Proof. Let $L^\bullet$ be an acyclic complex of $R$-modules. Let $\xi \in H^ n(\text{Tot}(L^\bullet \otimes _ R P^\bullet ))$. We have to show that $\xi = 0$. Since $\text{Tot}^ n(L^\bullet \otimes _ R P^\bullet )$ is a direct sum with terms $L^ a \otimes _ R P^ b$ we see that $\xi$ comes from an element in $H^ n(\text{Tot}(\tau _{\leq m}L^\bullet \otimes _ R P^\bullet ))$ for some $m \in \mathbf{Z}$. Since $\tau _{\leq m}L^\bullet$ is also acyclic we may replace $L^\bullet$ by $\tau _{\leq m}L^\bullet$. Hence we may assume that $L^\bullet$ is bounded above. In this case the spectral sequence of Homology, Lemma 12.25.3 has

${}'E_1^{p, q} = H^ p(L^\bullet \otimes _ R P^ q)$

which is zero as $P^ q$ is flat and $L^\bullet$ acyclic. Hence $H^*(\text{Tot}(L^\bullet \otimes _ R P^\bullet )) = 0$. $\square$

In the following lemma by a colimit of a system of complexes we mean the termwise colimit.

Lemma 15.58.10. Let $R$ be a ring. Let $K_1^\bullet \to K_2^\bullet \to \ldots$ be a system of K-flat complexes. Then $\mathop{\mathrm{colim}}\nolimits _ i K_ i^\bullet$ is K-flat. More generally any filtered colimit of K-flat complexes is K-flat.

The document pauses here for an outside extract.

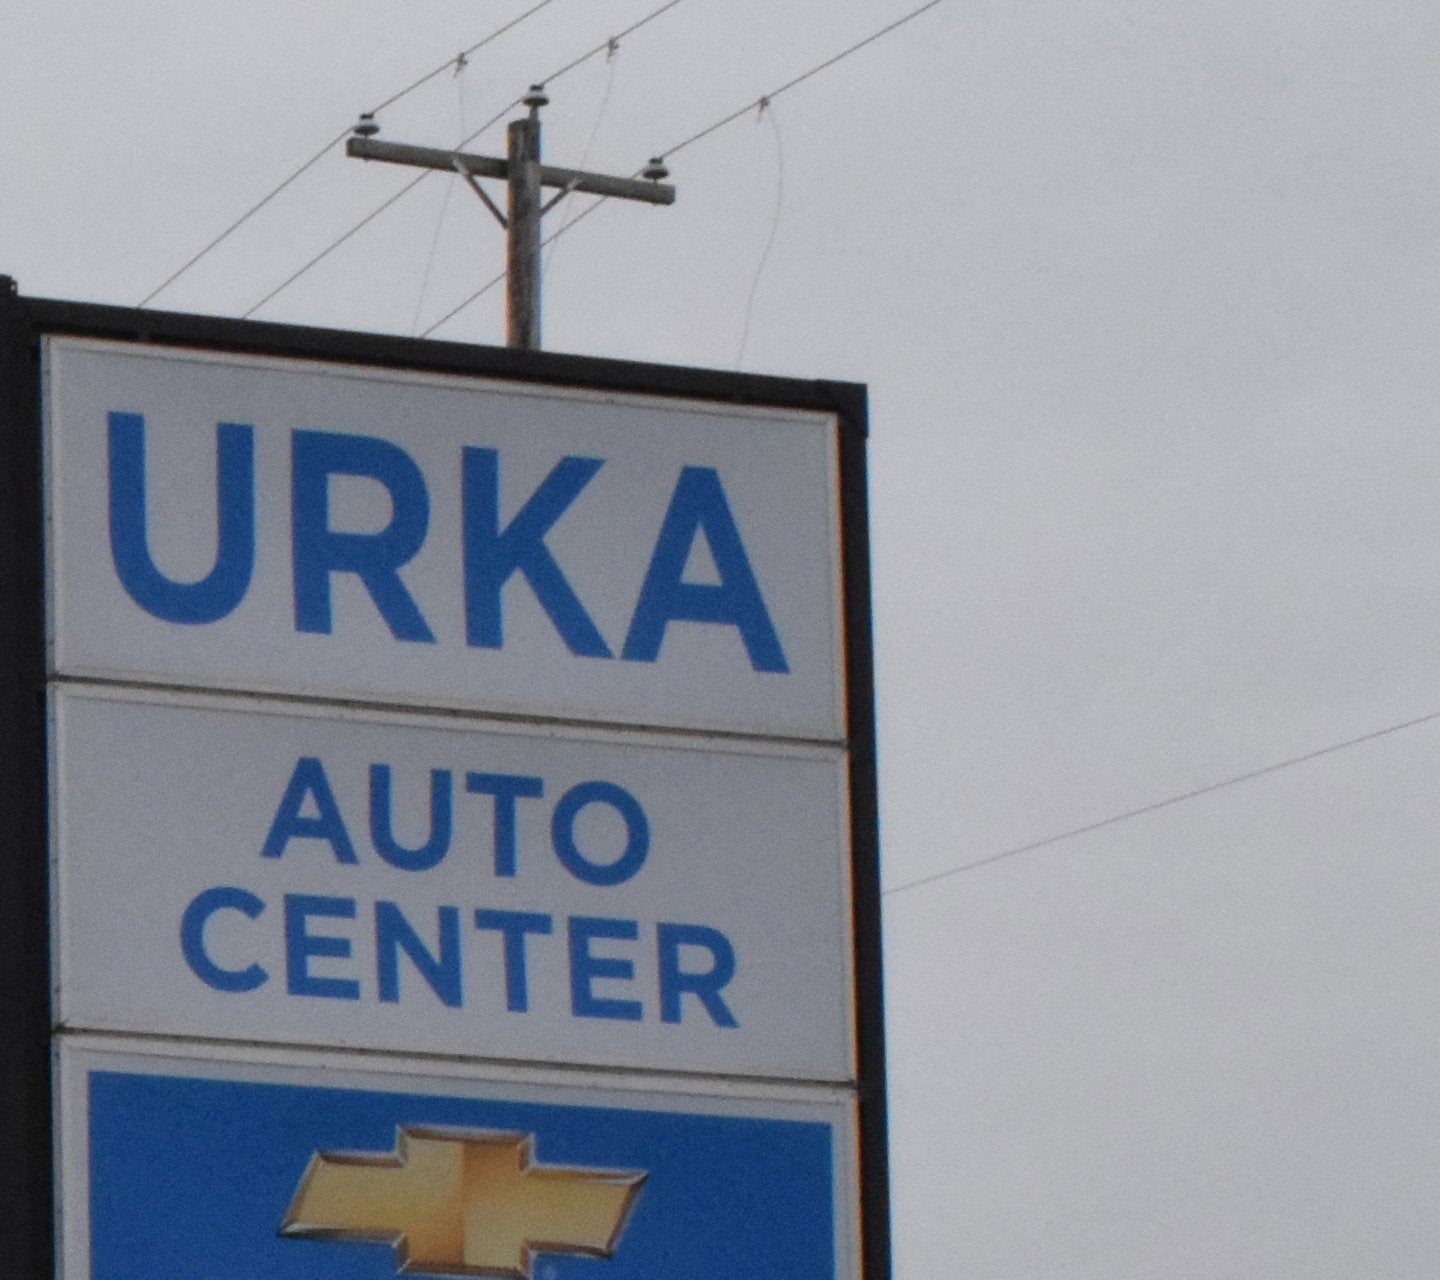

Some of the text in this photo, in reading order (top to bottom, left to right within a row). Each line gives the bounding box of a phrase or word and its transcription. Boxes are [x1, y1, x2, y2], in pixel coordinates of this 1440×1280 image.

Proof. Because we are taking termwise colimits we have

$\mathop{\mathrm{colim}}\nolimits _ i \text{Tot}(M^\bullet \otimes _ R K_ i^\bullet ) = \text{Tot}(M^\bullet \otimes _ R \mathop{\mathrm{colim}}\nolimits _ i K_ i^\bullet )$

by Algebra, Lemma 10.12.9. Hence the lemma follows from the fact that filtered colimits are exact, see Algebra, Lemma 10.8.8. $\square$

Lemma 15.58.11. Let $R$ be a ring. Let $K^\bullet$ be a complex of $R$-modules. If $K^\bullet \otimes _ R M$ is acyclic for all finitely presented $R$-modules $M$, then $K^\bullet$ is K-flat.

Proof. We will use repeatedly that tensor product commute with colimits (Algebra, Lemma 10.12.9). Thus we see that $K^\bullet \otimes _ R M$ is acyclic for any $R$-module $M$, because any $R$-module is a filtered colimit of finitely presented $R$-modules $M$, see Algebra, Lemma 10.11.3. Let $M^\bullet$ be an acyclic complex of $R$-modules. We have to show that $\text{Tot}(M^\bullet \otimes _ R K^\bullet )$ is acyclic. Since $M^\bullet = \mathop{\mathrm{colim}}\nolimits \tau _{\leq n} M^\bullet$ (termwise colimit) we have

$\text{Tot}(M^\bullet \otimes _ R K^\bullet ) = \mathop{\mathrm{colim}}\nolimits \text{Tot}(\tau _{\leq n} M^\bullet \otimes _ R K^\bullet )$

with truncations as in Homology, Section 12.15. As filtered colimits are exact (Algebra, Lemma 10.8.8) we may replace $M^\bullet$ by $\tau _{\leq n}M^\bullet$ and assume that $M^\bullet$ is bounded above. In the bounded above case, we can write $M^\bullet = \mathop{\mathrm{colim}}\nolimits \sigma _{\geq -n} M^\bullet$ where the complexes $\sigma _{\geq -n} M^\bullet$ are bounded but possibly no longer acyclic. Arguing as above we reduce to the case where $M^\bullet$ is a bounded complex. Finally, for a bounded complex $M^ a \to \ldots \to M^ b$ we can argue by induction on the length $b - a$ of the complex. The case $b - a = 1$ we have seen above. For $b - a > 1$ we consider the split short exact sequence of complexes

$0 \to \sigma _{\geq a + 1}M^\bullet \to M^\bullet \to M^ a[-a] \to 0$

and we apply Lemma 15.58.2 to do the induction step. Some details omitted. $\square$

Lemma 15.58.12. Let $R$ be a ring. For any complex $M^\bullet$ there exists a K-flat complex $K^\bullet$ whose terms are flat $R$-modules and a quasi-isomorphism $K^\bullet \to M^\bullet$ which is termwise surjective.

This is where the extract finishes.